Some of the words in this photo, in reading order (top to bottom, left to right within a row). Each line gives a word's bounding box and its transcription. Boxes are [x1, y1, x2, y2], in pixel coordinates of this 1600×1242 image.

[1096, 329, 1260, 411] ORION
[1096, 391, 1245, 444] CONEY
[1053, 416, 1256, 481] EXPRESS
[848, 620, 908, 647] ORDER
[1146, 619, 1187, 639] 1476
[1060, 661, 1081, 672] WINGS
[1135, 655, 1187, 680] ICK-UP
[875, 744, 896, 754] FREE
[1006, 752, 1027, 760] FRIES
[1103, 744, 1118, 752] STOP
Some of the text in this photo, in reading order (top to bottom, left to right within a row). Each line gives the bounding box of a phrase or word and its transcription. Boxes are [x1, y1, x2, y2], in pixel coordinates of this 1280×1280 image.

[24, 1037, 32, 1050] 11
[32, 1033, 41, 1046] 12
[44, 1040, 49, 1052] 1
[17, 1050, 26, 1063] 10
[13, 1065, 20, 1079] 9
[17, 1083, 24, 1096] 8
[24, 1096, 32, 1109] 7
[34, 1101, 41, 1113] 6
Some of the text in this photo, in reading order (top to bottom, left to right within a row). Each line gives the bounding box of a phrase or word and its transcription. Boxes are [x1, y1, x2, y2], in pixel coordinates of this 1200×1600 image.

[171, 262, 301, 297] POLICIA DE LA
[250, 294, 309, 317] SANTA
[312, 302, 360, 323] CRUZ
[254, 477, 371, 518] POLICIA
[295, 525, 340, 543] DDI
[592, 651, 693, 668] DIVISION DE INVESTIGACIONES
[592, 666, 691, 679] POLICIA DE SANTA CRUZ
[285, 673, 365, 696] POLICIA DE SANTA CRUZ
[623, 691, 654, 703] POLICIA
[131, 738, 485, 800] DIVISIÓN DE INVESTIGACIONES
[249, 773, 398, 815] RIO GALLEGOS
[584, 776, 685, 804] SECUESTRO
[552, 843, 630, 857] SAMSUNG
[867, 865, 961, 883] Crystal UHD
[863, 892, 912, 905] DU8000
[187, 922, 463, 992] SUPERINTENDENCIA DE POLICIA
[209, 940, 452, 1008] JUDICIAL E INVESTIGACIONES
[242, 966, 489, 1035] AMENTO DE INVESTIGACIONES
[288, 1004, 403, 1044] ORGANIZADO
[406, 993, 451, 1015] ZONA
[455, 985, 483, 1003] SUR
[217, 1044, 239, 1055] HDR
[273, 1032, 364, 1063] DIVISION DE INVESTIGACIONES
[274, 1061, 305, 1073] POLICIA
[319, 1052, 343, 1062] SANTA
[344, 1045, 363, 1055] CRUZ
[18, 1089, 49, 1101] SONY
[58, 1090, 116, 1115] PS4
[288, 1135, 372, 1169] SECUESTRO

+++++

Restate all of the material exactly.

§ **ANSWER BELOW**:
Some of the words in this photo, in reading order (top to bottom, left to right within a row). Each line gives a word's bounding box and its transcription. Boxes are [x1, y1, x2, y2], in pixel coordinates of this 1600×1242 image.

[1096, 329, 1260, 411] ORION
[1096, 391, 1245, 444] CONEY
[1053, 416, 1256, 481] EXPRESS
[848, 620, 908, 647] ORDER
[1146, 619, 1187, 639] 1476
[1060, 661, 1081, 672] WINGS
[1135, 655, 1187, 680] ICK-UP
[875, 744, 896, 754] FREE
[1006, 752, 1027, 760] FRIES
[1103, 744, 1118, 752] STOP
Some of the text in this photo, in reading order (top to bottom, left to right within a row). Each line gives the bounding box of a phrase or word and its transcription. Boxes are [x1, y1, x2, y2], in pixel coordinates of this 1280×1280 image.

[24, 1037, 32, 1050] 11
[32, 1033, 41, 1046] 12
[44, 1040, 49, 1052] 1
[17, 1050, 26, 1063] 10
[13, 1065, 20, 1079] 9
[17, 1083, 24, 1096] 8
[24, 1096, 32, 1109] 7
[34, 1101, 41, 1113] 6
Some of the text in this photo, in reading order (top to bottom, left to right within a row). Each line gives the bounding box of a phrase or word and its transcription. Boxes are [x1, y1, x2, y2], in pixel coordinates of this 1200×1600 image.

[171, 262, 301, 297] POLICIA DE LA
[250, 294, 309, 317] SANTA
[312, 302, 360, 323] CRUZ
[254, 477, 371, 518] POLICIA
[295, 525, 340, 543] DDI
[592, 651, 693, 668] DIVISION DE INVESTIGACIONES
[592, 666, 691, 679] POLICIA DE SANTA CRUZ
[285, 673, 365, 696] POLICIA DE SANTA CRUZ
[623, 691, 654, 703] POLICIA
[131, 738, 485, 800] DIVISIÓN DE INVESTIGACIONES
[249, 773, 398, 815] RIO GALLEGOS
[584, 776, 685, 804] SECUESTRO
[552, 843, 630, 857] SAMSUNG
[867, 865, 961, 883] Crystal UHD
[863, 892, 912, 905] DU8000
[187, 922, 463, 992] SUPERINTENDENCIA DE POLICIA
[209, 940, 452, 1008] JUDICIAL E INVESTIGACIONES
[242, 966, 489, 1035] AMENTO DE INVESTIGACIONES
[288, 1004, 403, 1044] ORGANIZADO
[406, 993, 451, 1015] ZONA
[455, 985, 483, 1003] SUR
[217, 1044, 239, 1055] HDR
[273, 1032, 364, 1063] DIVISION DE INVESTIGACIONES
[274, 1061, 305, 1073] POLICIA
[319, 1052, 343, 1062] SANTA
[344, 1045, 363, 1055] CRUZ
[18, 1089, 49, 1101] SONY
[58, 1090, 116, 1115] PS4
[288, 1135, 372, 1169] SECUESTRO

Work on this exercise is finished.